### Given records
----------------------------------------

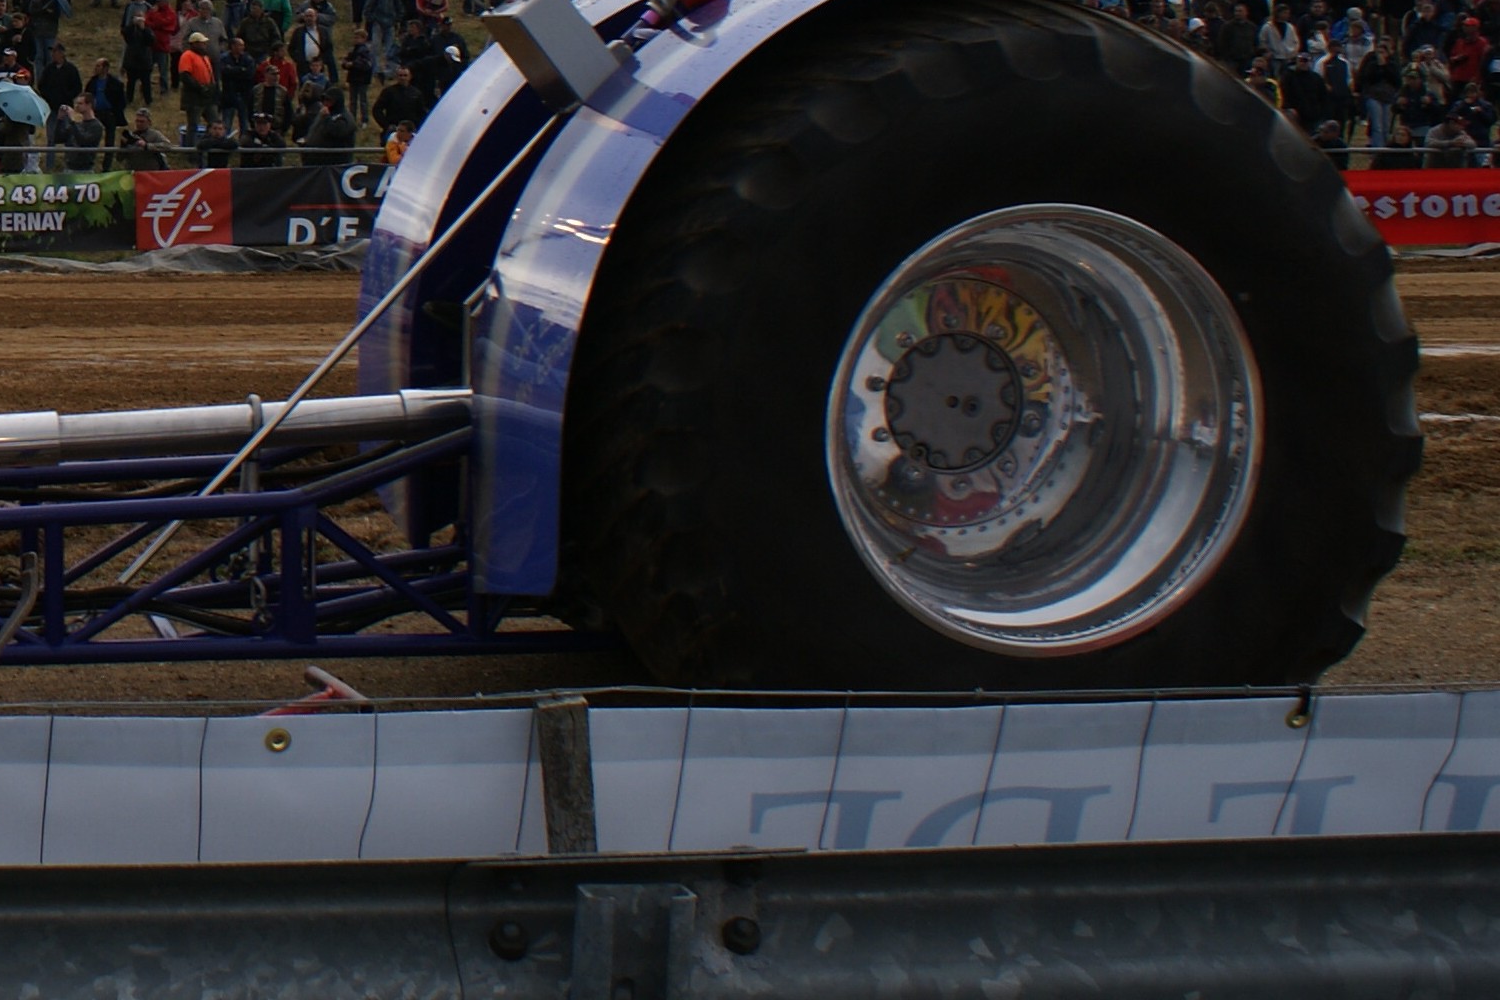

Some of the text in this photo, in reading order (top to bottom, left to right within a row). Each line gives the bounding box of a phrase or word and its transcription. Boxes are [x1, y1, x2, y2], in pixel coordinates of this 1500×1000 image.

[11, 186, 36, 204] 43
[43, 186, 68, 203] 44
[75, 184, 100, 202] 70
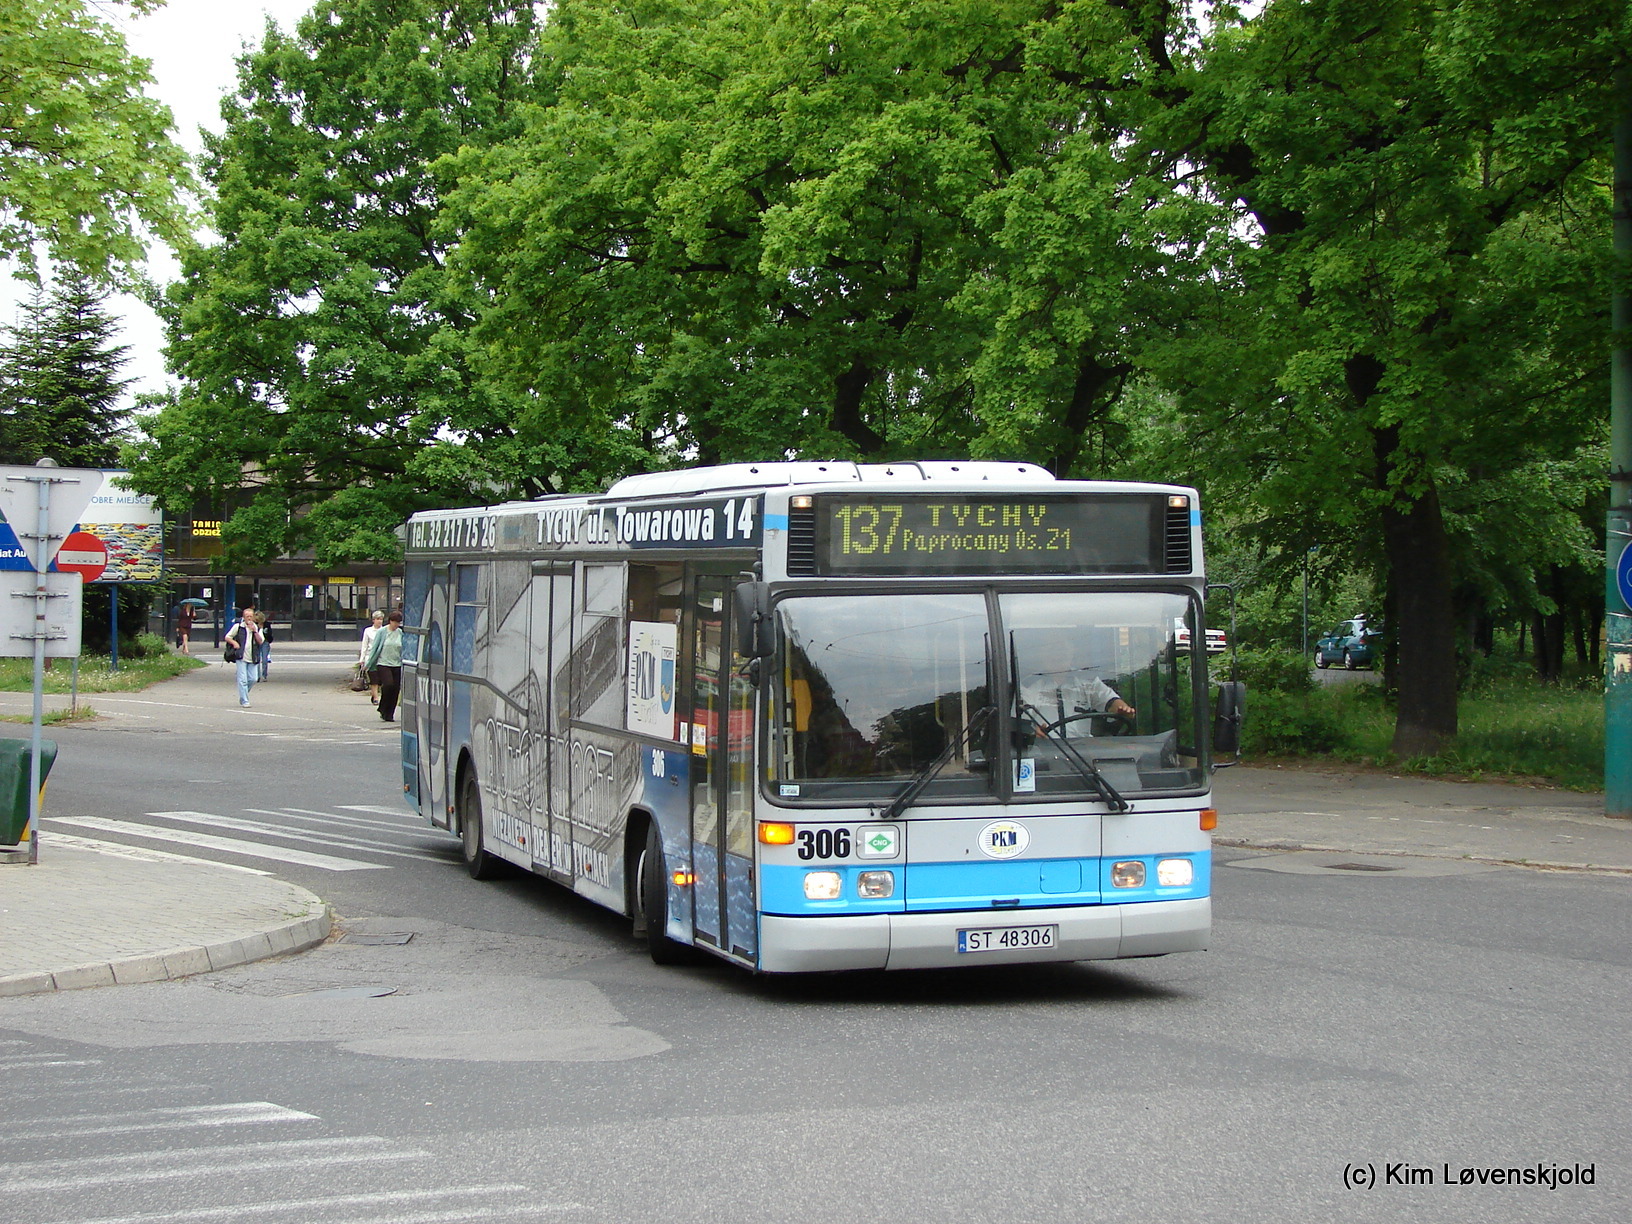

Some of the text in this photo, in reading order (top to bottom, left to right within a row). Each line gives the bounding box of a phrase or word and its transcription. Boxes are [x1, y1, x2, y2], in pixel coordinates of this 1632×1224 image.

[91, 496, 151, 505] OBRE MIEJSCE
[537, 497, 754, 544] TYCHY ul. Towarowa 14
[835, 505, 902, 553] 137
[927, 505, 1046, 526] TYCHY
[412, 516, 496, 548] tel. 32 217 75 26
[903, 528, 1009, 553] Paprocany
[0, 548, 27, 558] iat Au
[652, 748, 665, 778] 306
[533, 825, 562, 869] DEAER
[797, 828, 851, 860] 306
[992, 830, 1017, 847] PKM
[969, 928, 1051, 949] ST 48306

----------------------------------------

### What the task requires
Print the listing word for word but skip its pictures.

### Solution to this task
Some of the text in this photo, in reading order (top to bottom, left to right within a row). Each line gives the bounding box of a phrase or word and its transcription. Boxes are [x1, y1, x2, y2], in pixel coordinates of this 1500×1000 image.

[11, 186, 36, 204] 43
[43, 186, 68, 203] 44
[75, 184, 100, 202] 70

Some of the text in this photo, in reading order (top to bottom, left to right within a row). Each line gives the bounding box of a phrase or word and its transcription. Boxes are [x1, y1, x2, y2], in pixel coordinates of this 1632×1224 image.

[91, 496, 151, 505] OBRE MIEJSCE
[537, 497, 754, 544] TYCHY ul. Towarowa 14
[835, 505, 902, 553] 137
[927, 505, 1046, 526] TYCHY
[412, 516, 496, 548] tel. 32 217 75 26
[903, 528, 1009, 553] Paprocany
[0, 548, 27, 558] iat Au
[652, 748, 665, 778] 306
[533, 825, 562, 869] DEAER
[797, 828, 851, 860] 306
[992, 830, 1017, 847] PKM
[969, 928, 1051, 949] ST 48306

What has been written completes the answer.